BLIND DATE?

by RyeoTa Hasu

(Original Story by AliaZalea)

Cast :

Lee Sung Min (27-28 y.o)

Cho Kyu Hyun (35 y.o)

Lee Hyuk Jae aka Eunhyuk (25 y.o) as Sungmin's younger brother

Park Jung Soo aka Leeteuk (26 y.o) Sungmin's Blind Date Agent

Kim Jung Mo (32 y.o) as Sungmin ex. Boyfriend

Cast lain menyusul

Disclaimer :

This original story is fromBlind Date Novel by AliaZalea

Hasu hanya me-remake-nya dengan Kyumin sebagaimain Castdengan beberapa perubahan dan penyesuaian

Kyumin dan Cast lainnya milik Tuhan YME, Orang tua dan Agensi

Hasu hanya meminjam namanya untuk kepentingan cerita

Rate :

T

Warning :

Boy's Love / YAOI, OOC, MPREG, hurt/comfort, Typo menjamur

.

.

DON'T LIKE? DON'T READ!

MAKE IT SIMPLE

HAPPY READING ^.^

.

.

PROLOG

o.o.o.o.o.o.o.

.

.

(Sungmin POV)

.

Hal pertama yang aku sadari adalah... aku sedang dalam keadaan di antara alam sadar dan tidak sadar.

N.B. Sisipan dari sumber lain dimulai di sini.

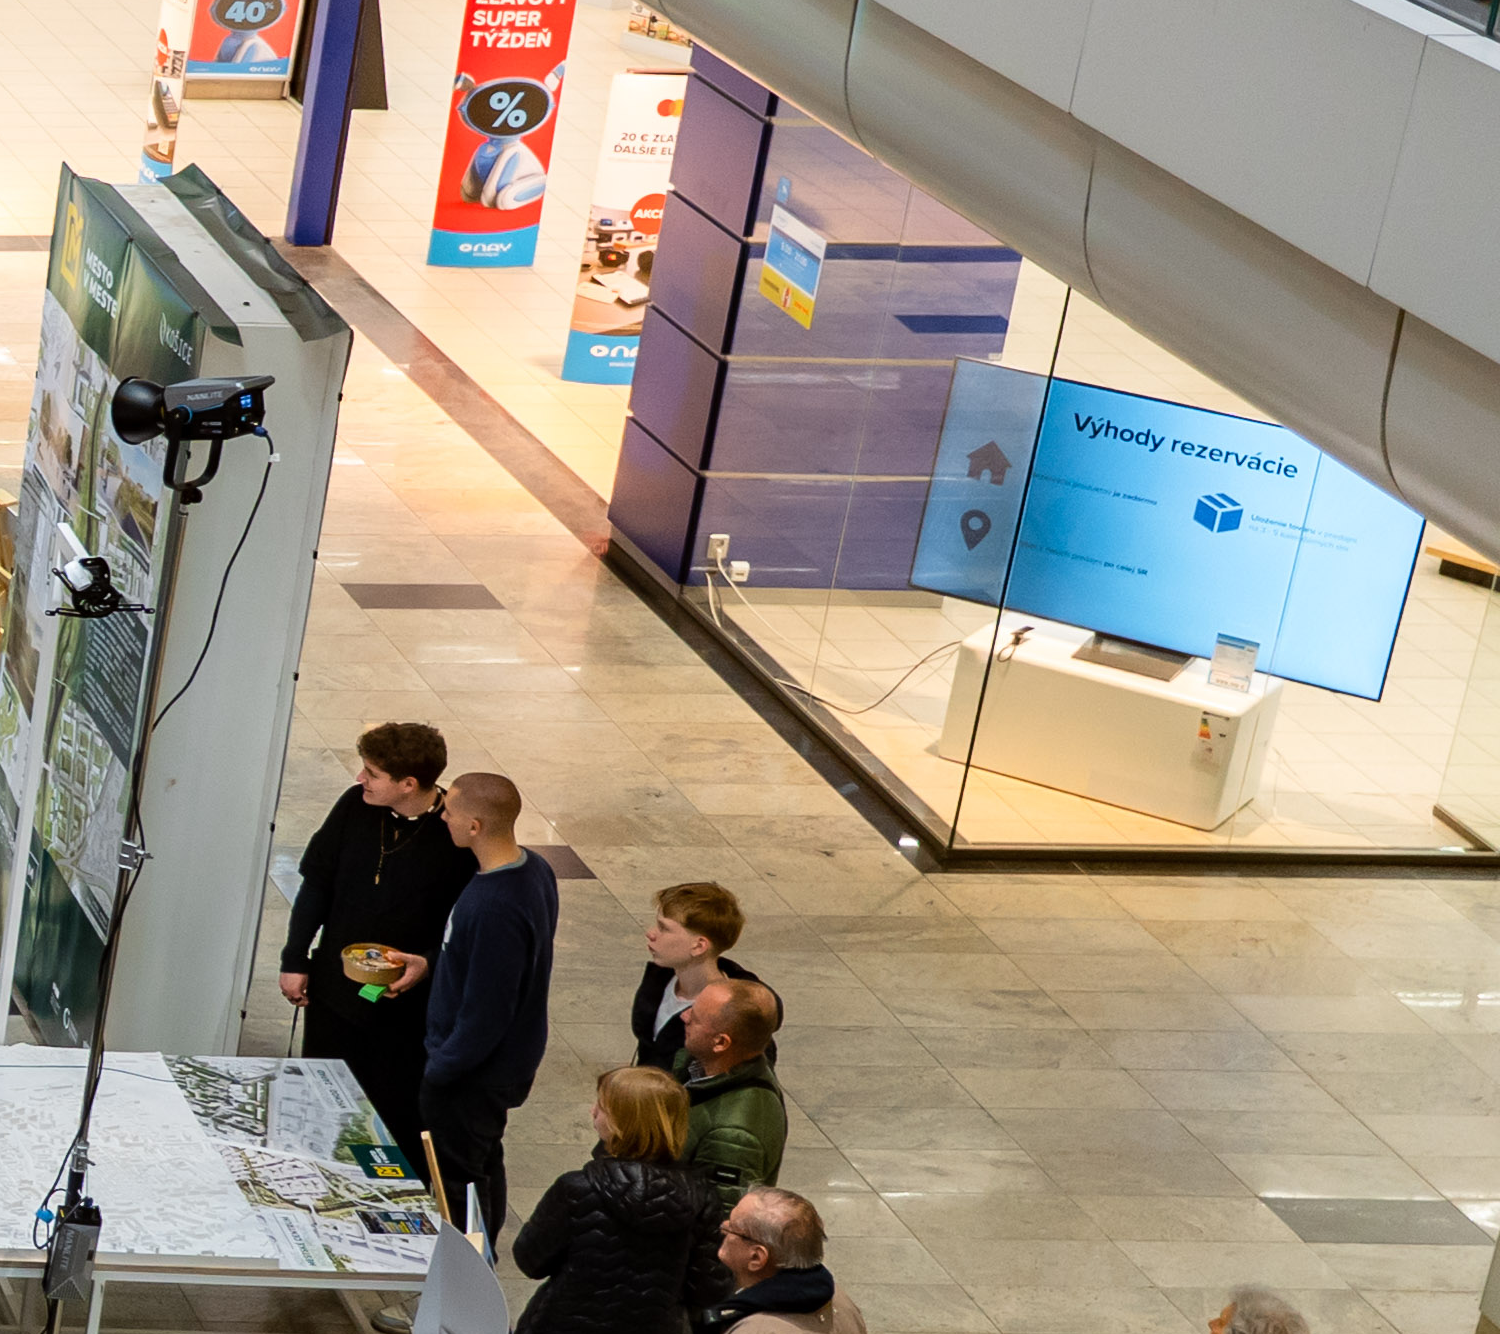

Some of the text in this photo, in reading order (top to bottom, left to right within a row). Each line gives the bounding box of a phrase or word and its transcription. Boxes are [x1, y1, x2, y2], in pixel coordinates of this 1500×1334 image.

[472, 11, 542, 27] SUPER
[470, 28, 552, 48] TÝŽDEŇ
[85, 249, 114, 290] MESTO
[1073, 413, 1298, 479] Výhody rezervácie

Aku dapat mendengar bunyi bip... bip... bip... yang konstan dan terus-menerus, seperti bunyi air menetes dari keran yang tidak ditutup rapat.

Bunyi itulah yang membangunkanku.

Aku mencoba untuk mengatakan sesuatu dan meminta seseorang agar menutup keran itu, tetapi lidahku terasa berat dan kelu. Aku mencoba membuka mataku, usaha yang juga tidak membuahkan hasil.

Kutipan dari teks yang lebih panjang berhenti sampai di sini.